Чаще всего Владимир и его друзья спускаются под землю (здесь это обозначают глаголом «уходить») сразу после школы — чтобы вылезти к началу занятий на следующий день. «Ребята часто засыпают прямо на уроках, потому что ночи проводят в шахтах, — рассказывает учительница школы, в которой учатся подростки. — Один, самый беспокойный, как стал спускаться, очень изменился: стал спокойным и будто быстро повзрослел. Я их прошу только, чтобы они были осторожны и надевали каски».
Здание поселковой школы в Вершино-Дарасунском, апрель 2018 года
Антон Климов для «Медузы»
Иногда школьники уходят и на целые выходные — так им удается заработать по 10 тысяч рублей на каждого. «Мы ходим на пару дней, но знаем человека, который сидит внизу уже месяц, — рассказывает Владимир. — Это означает, что он нашел очень хорошее место и, наверное, сильно разбогатеет, поднимет несколько миллионов».
Другого досуга в Вершино-Дарасунском, в котором сейчас живет около 4 тысяч человек, особенно нет. Когда подростки не спускаются в шахты, они бродят по поселку, сидят с пивом у военного мемориала или в подъезде. Сбежать от этой унылой действительности, как рассказывает Владимир, немного помогает интернет — особенно бесплатное кино и видеоблогеры, а еще Навальный, который раздражает друзей только тем, что поддерживает ЛГБТ. «Голубые береты по всей стране нам не нужны!» — говорит Владимир. «Но ты сам скоро будешь голубым беретом!» — смеется его одноклассник.
Владимир действительно хочет стать спецназовцем ВДВ — когда ему исполнится 18, он собирается поскорее уйти в армию. Подросток считает, что готов служить в спецвойсках — потому что ходил в шахты и дрался на поселковых «стрелках» с копателями из других районов. У его одноклассника те же планы: он в шутку говорит, что уехать из Вершино-Дарасунского легче всего двумя способами — пойти в армию или сесть в тюрьму.
«В России сейчас основная перспектива — быть военным, — размышляет он. — Квартиру дадут, будет стабильность. Но в ФСБ идти не хочется, только в войска. Мы следили за Донбассом, но поехали бы туда только по приказу, но не наемниками. Это же ехать на смерть, ехать наемником — как террористом идти. Я хочу работать на государство, чтобы не было постоянно ощущения, что тебя схватят дома ночью».
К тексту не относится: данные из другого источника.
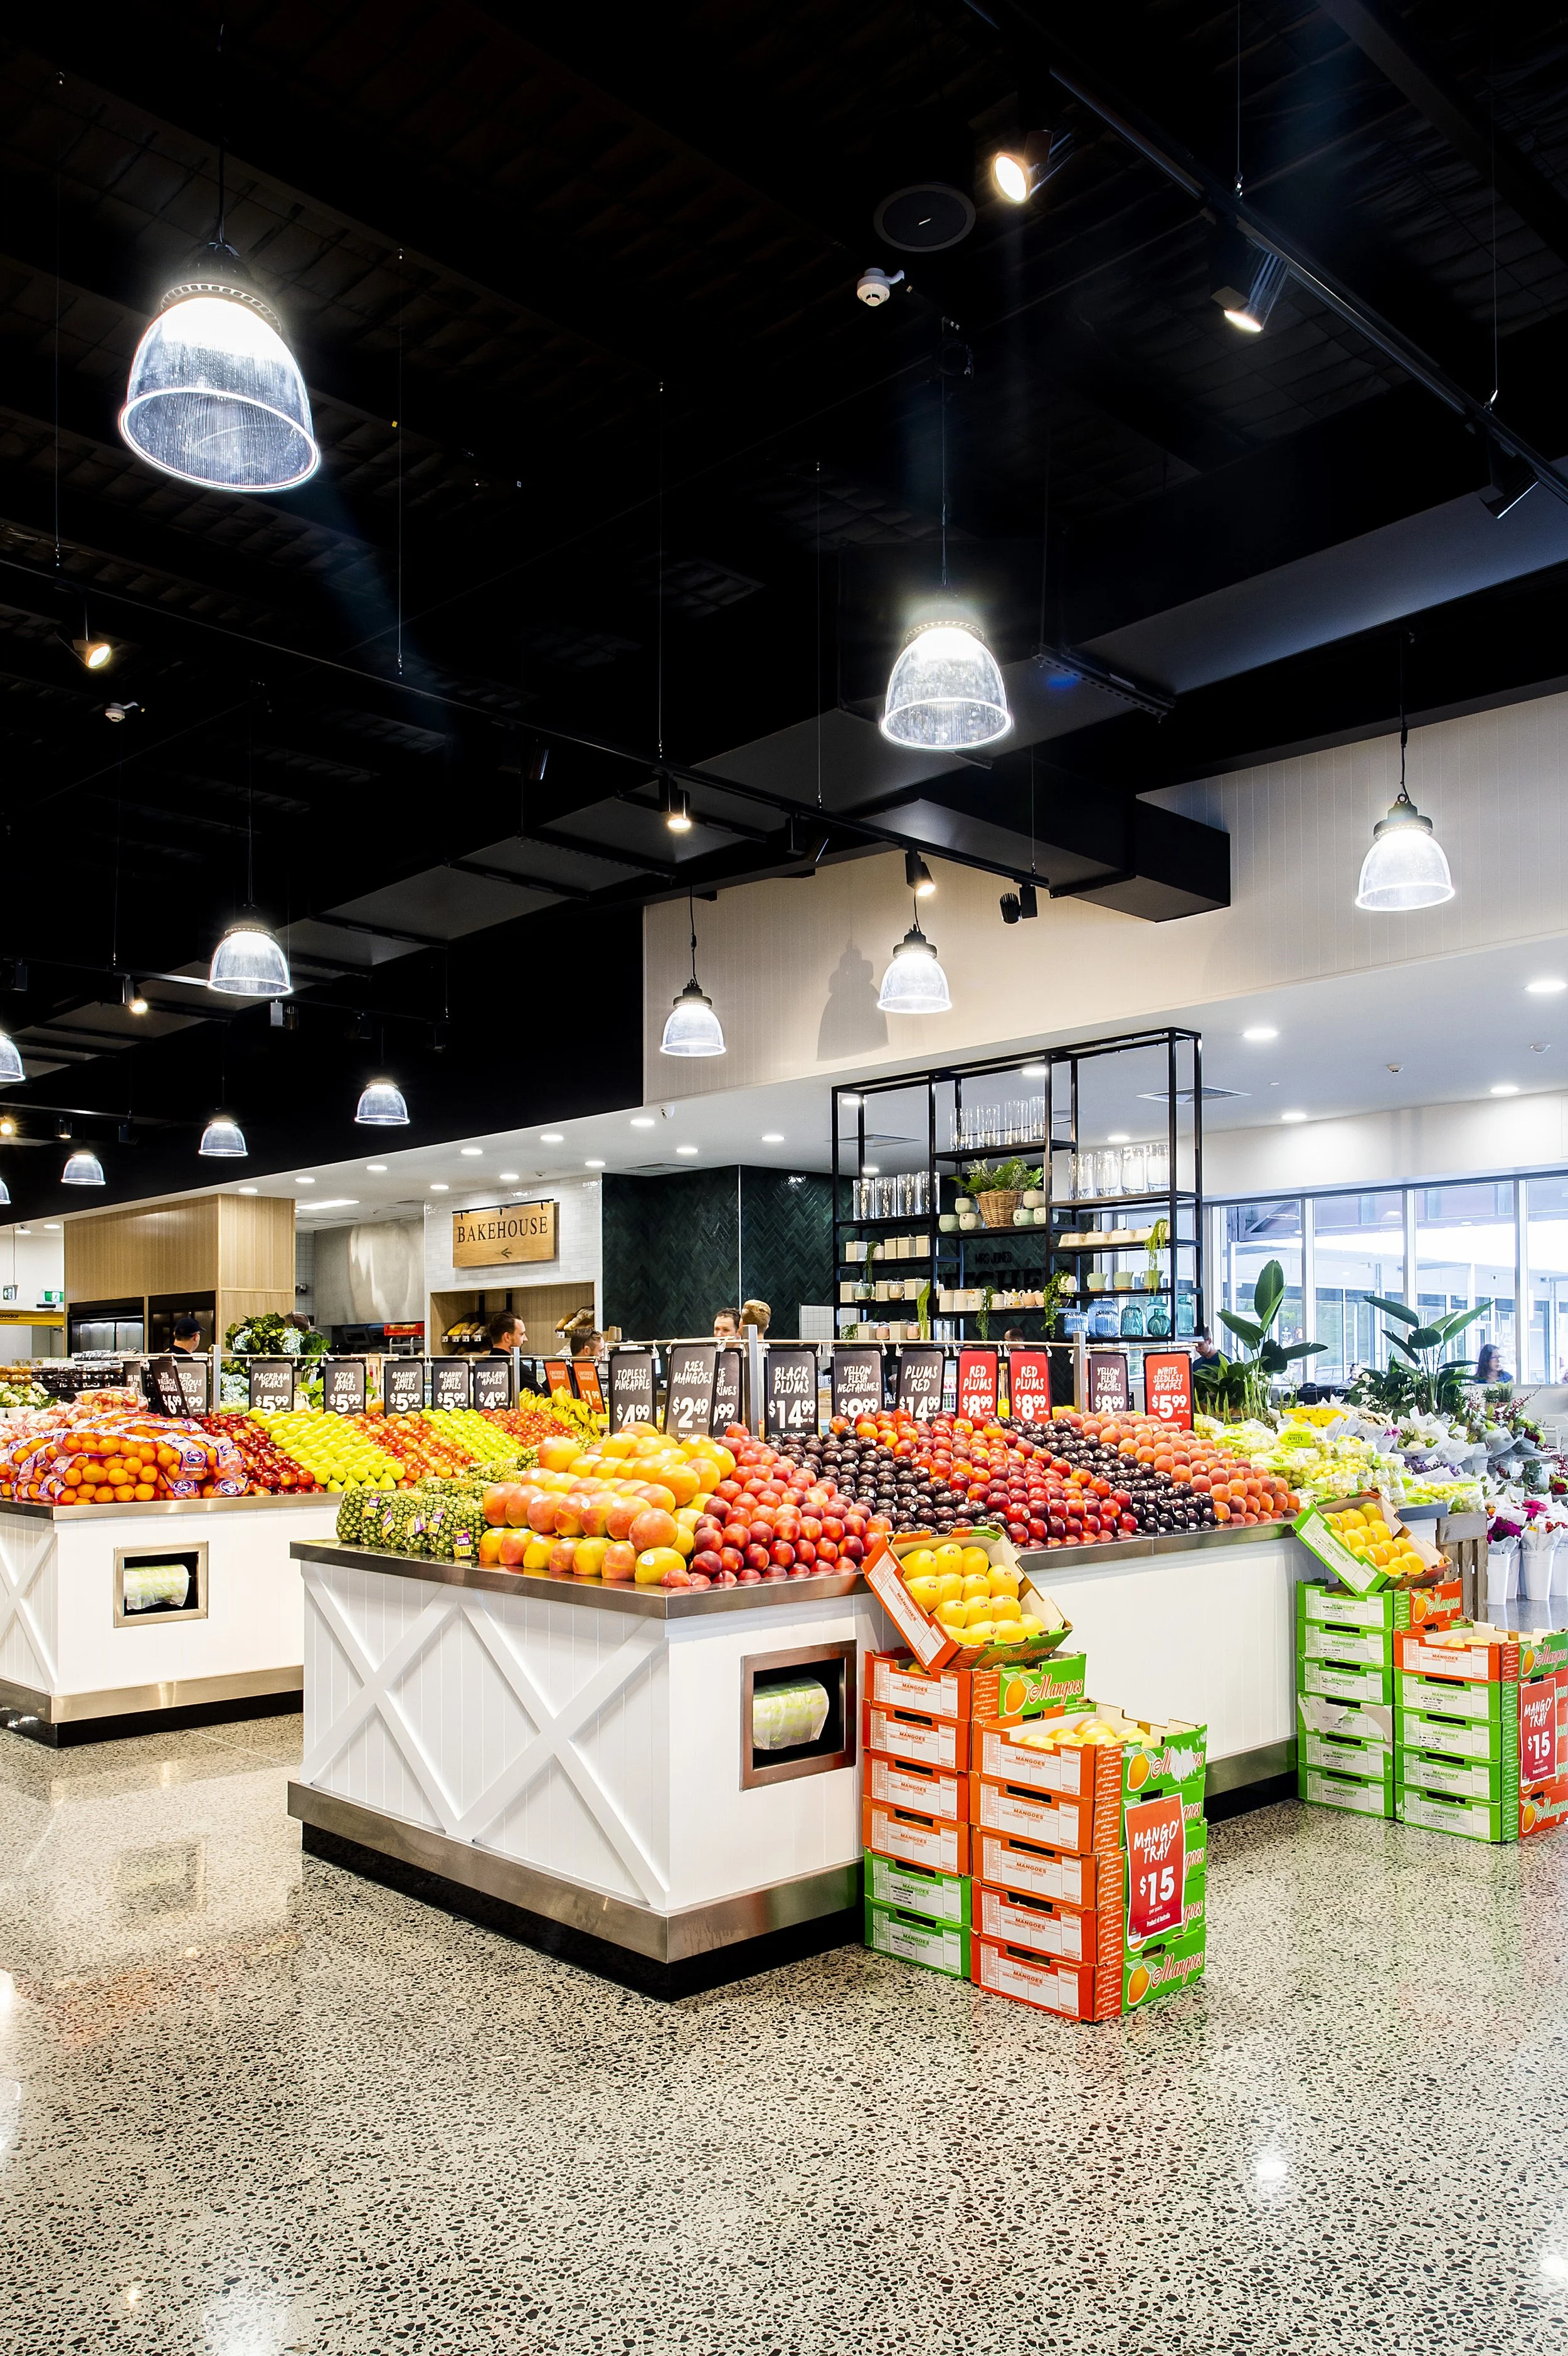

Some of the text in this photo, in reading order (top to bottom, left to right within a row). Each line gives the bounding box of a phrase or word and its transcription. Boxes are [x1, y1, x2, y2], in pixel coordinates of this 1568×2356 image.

По словам учительницы из школы, где учатся подростки, многие из них готовы спускаться как можно глубже, пробивая необследованные места взрывчаткой, — чтобы повторить успех других копателей и купить на заработанное автомобили и дома. «Никто здесь не хочет, чтобы все это закончилось, потому что не будет золота — начнутся убийства, — поясняет она. — Из-за шахт тут более-менее стабильность и все заняты». С ней согласен и житель поселка, сын которого проводит в шахтах по 20 дней в месяц. «Если завалят окончательно, будет голод, как в 1990-х, будут, как и тогда, похищать собак и есть их, — говорит он. — У меня тогда три овчарки пропало».
Учительница и сама пыталась добывать. Вместе с директором школы они отправились на заброшенную фабрику, где в советское время перерабатывали руду, спустились в подвал и набрали там четыре мешка песка, в котором после очистки нашлось несколько граммов желтого металла. «Каторжники, ссыльные, китайцы, мы — все десятилетиями тут ищут фарт, кто-то находит, кто-то погибает, тоже хотелось попробовать, — рассуждает она. — Золото всем здесь принадлежит, это наша земля, не понимаю, почему его добычу кто-то может ограничивать или за нее наказывать».
Около поселковой школы
Антон Климов для «Медузы»
Один из сохранившихся домов «Квартала»
Антон Климов для «Медузы»
Въезд в центральную часть Вершино-Дарасунского
Антон Климов для «Медузы»
ГЛАВА ВТОРАЯ
Поселок термитов
Ежедневно в шахты под Вершино-Дарасунским самостоятельно спускаются около ста жителей поселка. Объединившись в бригады по четыре-пять человек, они «уходят» на пару недель; многие проводят под землей еще больше. С собой они несут тяжелые рюкзаки, чтобы на глубине оборудовать себе жилье — сбить из дерева койки, поставить телевизоры с DVD-проигрывателями, обустроить кухню с чайником и электроплиткой.
Выходят копатели из шахт обычно ранним утром. В разных частях поселка можно увидеть вылезающих из небольших лазов мужчин в касках, с рюкзаками и фонарями. На поверхности они часто одеваются так же, как на глубине, — ходят по поселку в камуфляже, с перчатками, торчащими из карманов. У некоторых в огородах стоят самодельные мельницы — чтобы перемалывать найденную руду.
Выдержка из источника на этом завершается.